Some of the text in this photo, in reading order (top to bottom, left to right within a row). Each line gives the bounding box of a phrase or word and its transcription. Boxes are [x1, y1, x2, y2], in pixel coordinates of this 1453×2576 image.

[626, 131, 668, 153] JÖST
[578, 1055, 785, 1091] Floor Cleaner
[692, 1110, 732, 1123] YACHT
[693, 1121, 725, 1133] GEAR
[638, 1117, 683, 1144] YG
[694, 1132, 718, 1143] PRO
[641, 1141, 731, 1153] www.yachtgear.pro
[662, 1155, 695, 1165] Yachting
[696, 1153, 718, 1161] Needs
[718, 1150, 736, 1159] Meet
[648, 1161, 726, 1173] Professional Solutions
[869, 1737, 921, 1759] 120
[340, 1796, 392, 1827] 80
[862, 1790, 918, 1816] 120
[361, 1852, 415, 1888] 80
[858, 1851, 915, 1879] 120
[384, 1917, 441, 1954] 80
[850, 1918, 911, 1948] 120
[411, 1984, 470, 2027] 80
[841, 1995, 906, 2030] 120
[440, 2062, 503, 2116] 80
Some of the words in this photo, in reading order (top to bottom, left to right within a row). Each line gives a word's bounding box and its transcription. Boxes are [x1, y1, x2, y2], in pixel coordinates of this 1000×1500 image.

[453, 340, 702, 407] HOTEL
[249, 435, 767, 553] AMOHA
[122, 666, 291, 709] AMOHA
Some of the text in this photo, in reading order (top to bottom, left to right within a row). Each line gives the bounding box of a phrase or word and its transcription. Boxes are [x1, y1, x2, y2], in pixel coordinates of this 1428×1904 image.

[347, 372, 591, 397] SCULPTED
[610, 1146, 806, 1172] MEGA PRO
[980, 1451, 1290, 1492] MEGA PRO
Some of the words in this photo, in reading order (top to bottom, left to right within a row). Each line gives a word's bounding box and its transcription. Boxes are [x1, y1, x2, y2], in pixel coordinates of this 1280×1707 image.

-=-=-

ABOUT THIS EXERCISE: Output the full listing exactly as it stands.

YOUR SOLUTION:
Some of the text in this photo, in reading order (top to bottom, left to right within a row). Each line gives the bounding box of a phrase or word and its transcription. Boxes are [x1, y1, x2, y2], in pixel coordinates of this 1453×2576 image.

[626, 131, 668, 153] JÖST
[578, 1055, 785, 1091] Floor Cleaner
[692, 1110, 732, 1123] YACHT
[693, 1121, 725, 1133] GEAR
[638, 1117, 683, 1144] YG
[694, 1132, 718, 1143] PRO
[641, 1141, 731, 1153] www.yachtgear.pro
[662, 1155, 695, 1165] Yachting
[696, 1153, 718, 1161] Needs
[718, 1150, 736, 1159] Meet
[648, 1161, 726, 1173] Professional Solutions
[869, 1737, 921, 1759] 120
[340, 1796, 392, 1827] 80
[862, 1790, 918, 1816] 120
[361, 1852, 415, 1888] 80
[858, 1851, 915, 1879] 120
[384, 1917, 441, 1954] 80
[850, 1918, 911, 1948] 120
[411, 1984, 470, 2027] 80
[841, 1995, 906, 2030] 120
[440, 2062, 503, 2116] 80
Some of the words in this photo, in reading order (top to bottom, left to right within a row). Each line gives a word's bounding box and its transcription. Boxes are [x1, y1, x2, y2], in pixel coordinates of this 1000×1500 image.

[453, 340, 702, 407] HOTEL
[249, 435, 767, 553] AMOHA
[122, 666, 291, 709] AMOHA
Some of the text in this photo, in reading order (top to bottom, left to right within a row). Each line gives the bounding box of a phrase or word and its transcription. Boxes are [x1, y1, x2, y2], in pixel coordinates of this 1428×1904 image.

[347, 372, 591, 397] SCULPTED
[610, 1146, 806, 1172] MEGA PRO
[980, 1451, 1290, 1492] MEGA PRO
Some of the words in this photo, in reading order (top to bottom, left to right within a row). Each line gives a word's bounding box and its transcription. Boxes are [x1, y1, x2, y2], in pixel coordinates of this 1280×1707 image.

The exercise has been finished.